There is hope as long as I breathe. People think of hope as good outcomes all the time. But hope for me can simply be the fact that I can still change and affect outcomes for others and myself, with God’s help. That I’m not just sitting back and rotting. If I stop breathing, then hope dies. There is no way I can make things right any more, no more smiles I can bring, no more love as God’s messenger. So hope is alive for as long as I breathe, even if at times I don’t see it.

It’s a little like swimming from a stricken craft to land. As we swim, sometimes the waves get too strong, and we go under and hold our breath and the longer we go under, the less we think we’ll ever get to land. It’s tempting to stop paddling, and just let the water drown. But then God gives a push, and we’re up above the waves again, gasping for breath, looking around.

And then we look back and we realise we’ve actually come very far from that stricken craft. The land still isn’t necessarily within sight, but as long as we paddle, there’ll be one day we’ll come within sight, or even stand up on that long sought shore. We may or may not have been responsible for the mistakes or even just life events that landed us in this ocean in the first place, but the fact that we are alive enough to paddle is proof enough that God hasn’t given up on us.

I have many things to be thankful for. My wife and kids. My family scattered over various countries. A loving church made up of largely supportive brethren who seek to listen and love instead of judge and diagnose. Two cute and fluffy pig-daughters. Loving friends, one of whom I’ve not talked to face to face for a few years, who came by our place, content to just sit with me. I confess I cried when I hugged her goodbye, because of that sentiment alone.

I have a lot of support. I have things I need to change. I need to learn better where my emotional and physical limits are. I need to eat more healthily (but please don’t give me meal plans or tell me to go keto). In therapy, I need to face my anger. Get up the courage and look up when I talk to my anger. I need to learn to manage my finances better.

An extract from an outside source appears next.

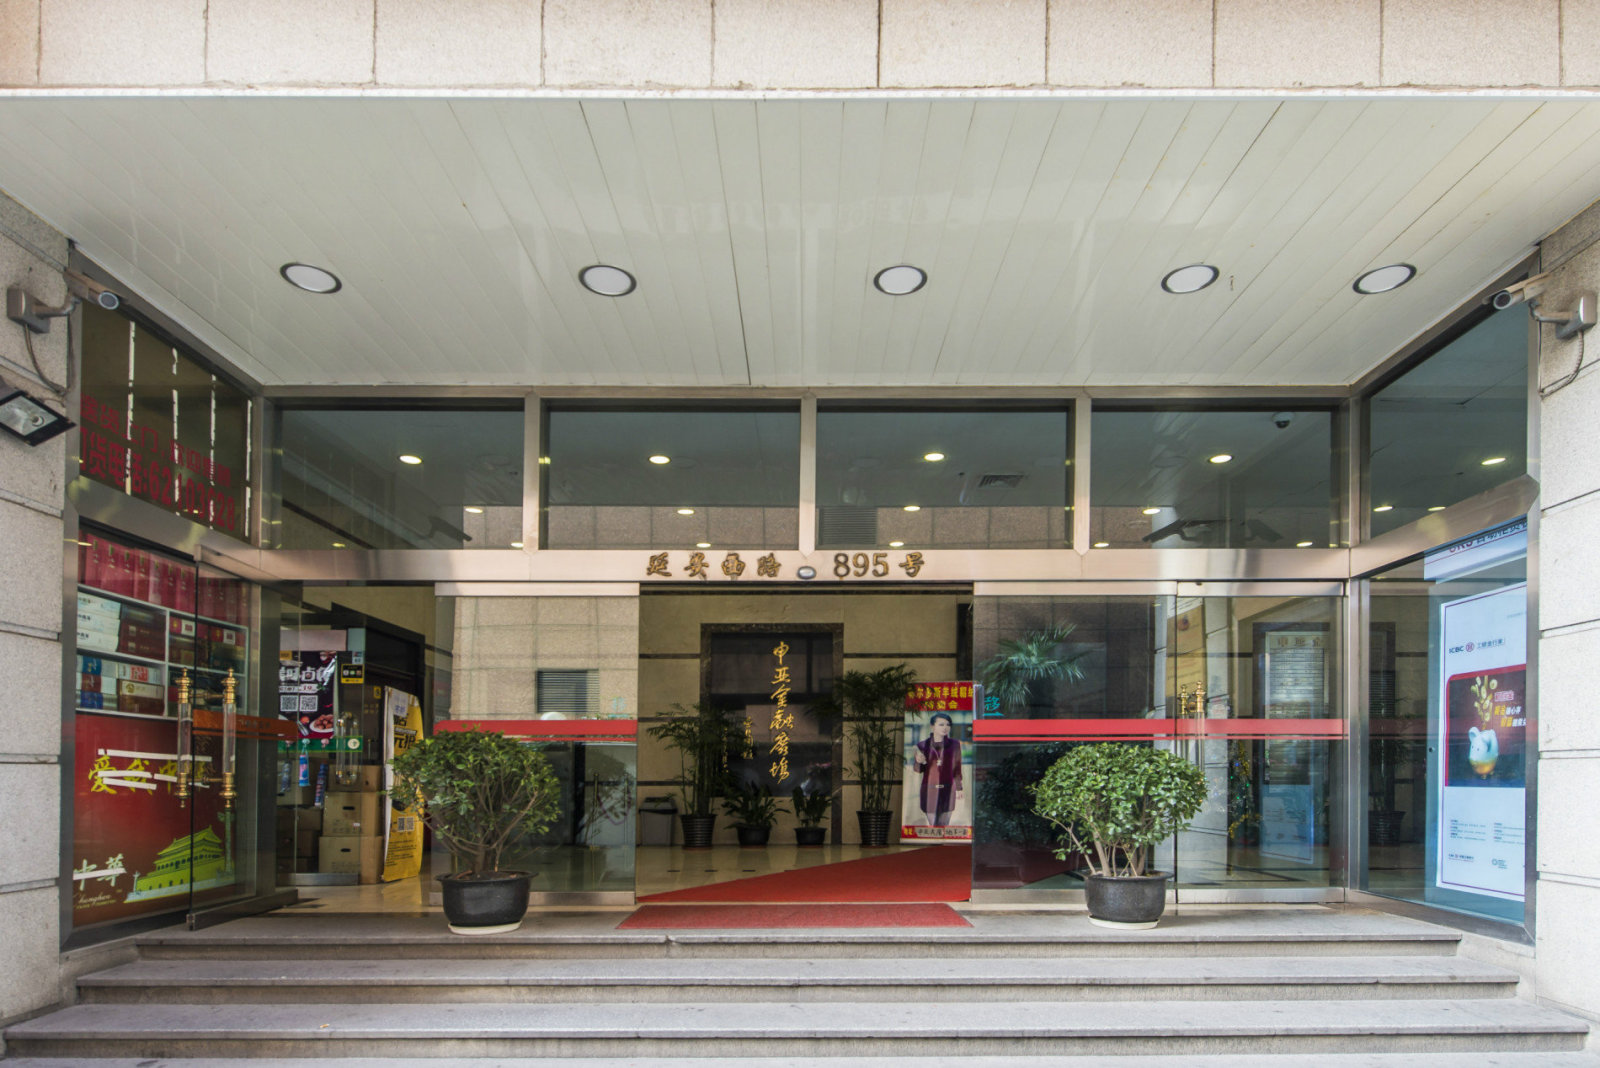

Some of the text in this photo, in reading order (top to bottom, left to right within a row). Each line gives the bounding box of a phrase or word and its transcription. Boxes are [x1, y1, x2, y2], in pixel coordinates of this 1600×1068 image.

Someone once asked me to leave Singapore so I can be at peace. The thing is, I am very much at peace with most of the external stuff that’s happening in general. I can face most of the negative stuff, get angry, upset or sad, deal with the emotions, and then put it down. There remain some things – specifically wounds inflicted by people I perceive to be in authority – that I find hard to handle. But it is peace with myself – peace that God grants but I refuse to take because I don’t deserve it – that I really struggle with. So I shall have to continue to fight to make some changes, while trying not to keep telling myself that no one will value me. To listen less to the critic, and more to the loud whispers of those who love me.

So please, be patient with me. One day, I’ll be standing on that shore, and hopefully be able to hold down some kind of job where I can continue to help people to smile, and love, and be alive.

So that they too, can have that hope which continues to be offered to me right now.